Partiamo da un assunto fondamentale: le reti devono essere pubbliche, siano esse autostrade o reti digitali. Ma perché in Italia è andata diversamente? Adesso che infuria il dibattito fa ridere che anche Repubblica, e una firma pregevole come quella di Sergio Rizzo, escono allo scoperto e ammettono che le privatizzazioni furono fatte per fare cassa ed entrare nell’Euro. Esatto, è proprio questo il tema. Un altro dei grandi errori di aderire alla moneta unica. Un altro danno dai costi economici e sociali inimmaginabili. Scrive Rizzo: “Digerire le scorie di quella privatizzazione così sciatta e avventata, che pure agevolò l’ingresso dell’Italia nell’euro, non sarà affatto facile. Esserne consapevoli eviterà almeno altre delusioni”. Parole vere, dure, e che forse arrivano un po’ troppo in ritardo?

Aggiunge Rizzo nella sua ricostruzione: “Il peccato originale è quello della privatizzazione di Telecom Italia, quando insieme al gestore del servizio telefonico (allora di fatto l’unico se si eccettua la matricola Omnitel) venne ceduta ai privati anche l’infrastruttura. La rete era stata già ampiamente pagata dagli utenti con
le bollette, e il passaggio ai privati avrebbe garantito loro una enorme rendita di posizione. Non fosse altro perché gli utenti avrebbero continuato a pagare il canone. E se la rete faticava a tenere il passo della prodigiosa innovazione tecnologica in atto, la società non faticava a tenere il passo della politica: se è vero che a ogni mutamento degli scenari politici cambiavano anche gli azionisti”.

Aggiunge Rizzo: “La più grande compagnia telefonica nazionale proprietaria di una rete strategica, il cui requisito principale doveva essere un azionariato stabile, ha sperimentato invece per anni il massimo disordine proprietario possibile. Dietro la parolina magica, “mercato”, non ci siamo fatti mancare decisamente nulla. All’epoca della privatizzazione si levarono poche e flebili voci contro la cessione della rete. Che vennero subito soffocate. Il governo italiano puntava all’ingresso nella moneta unica e la privatizzazione di Telecom Italia insieme alla sua rete avrebbe garantito un incasso rilevante, oltre a dare un segnale forte al mercato. Le conseguenze a lungo termine non furono evidentemente previste”.
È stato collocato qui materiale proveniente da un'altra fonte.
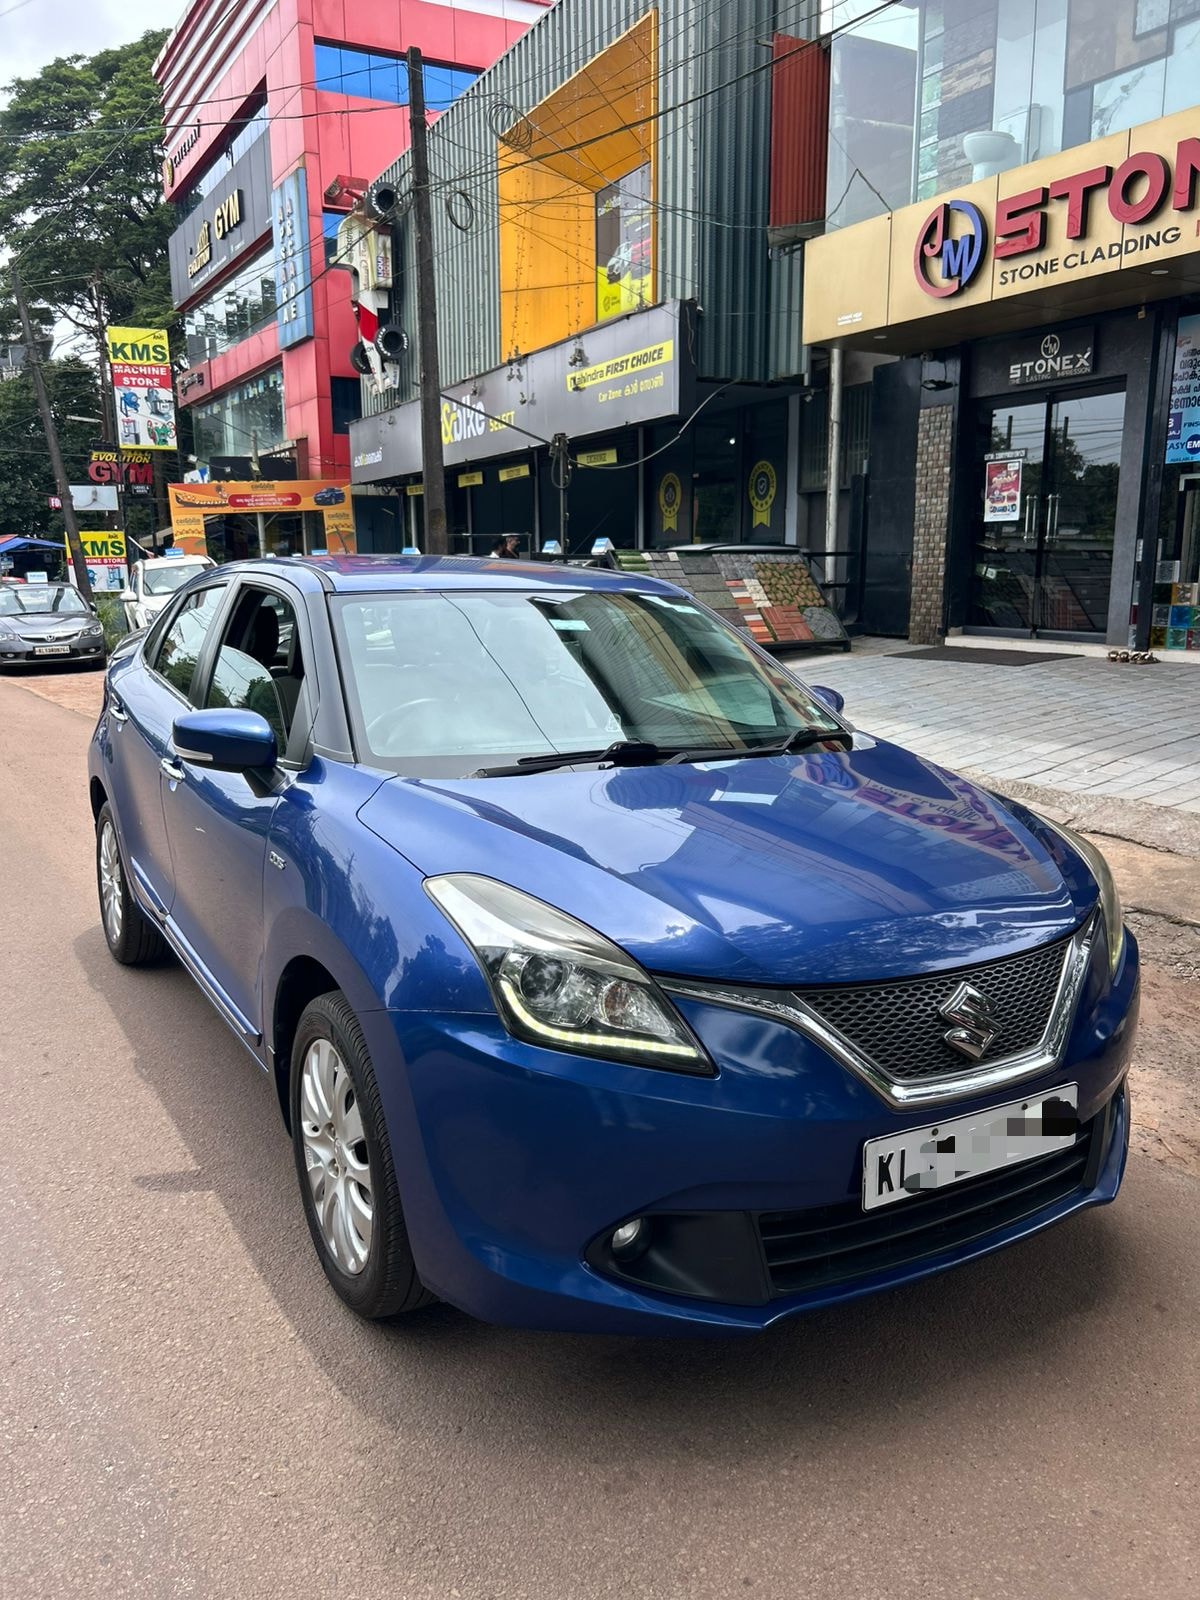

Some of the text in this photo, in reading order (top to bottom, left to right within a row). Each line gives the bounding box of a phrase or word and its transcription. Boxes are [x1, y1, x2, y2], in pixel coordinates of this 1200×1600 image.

Bene che Rizzo metta oggi nero su bianco questa verità indiscutibile. E ci si arrabbia ancora di più se si pensa allo scotto che stanno pagando maggiormente le aree interne dell’Italia, ancora più lontane, ancora più arretrate a causa delle distanze fisiche, geografiche e di Rete, appunto. Una rete affidabile e veloce risolverebbe molti problemi, farebbe da volano per molte realtà, frenerebbe addirittura lo spopolamento e l’emigrazione. Intanto, a Roma si discute ancora sul da farsi. E mentre il governo discute, ricordiamo che Tim fu privatizzata dal primo governo di Romano Prodi, per poi finire, dopo una lunga serie di peripezie, sotto il controllo del gruppo francese Vivendi. Un colpo di genio strategico.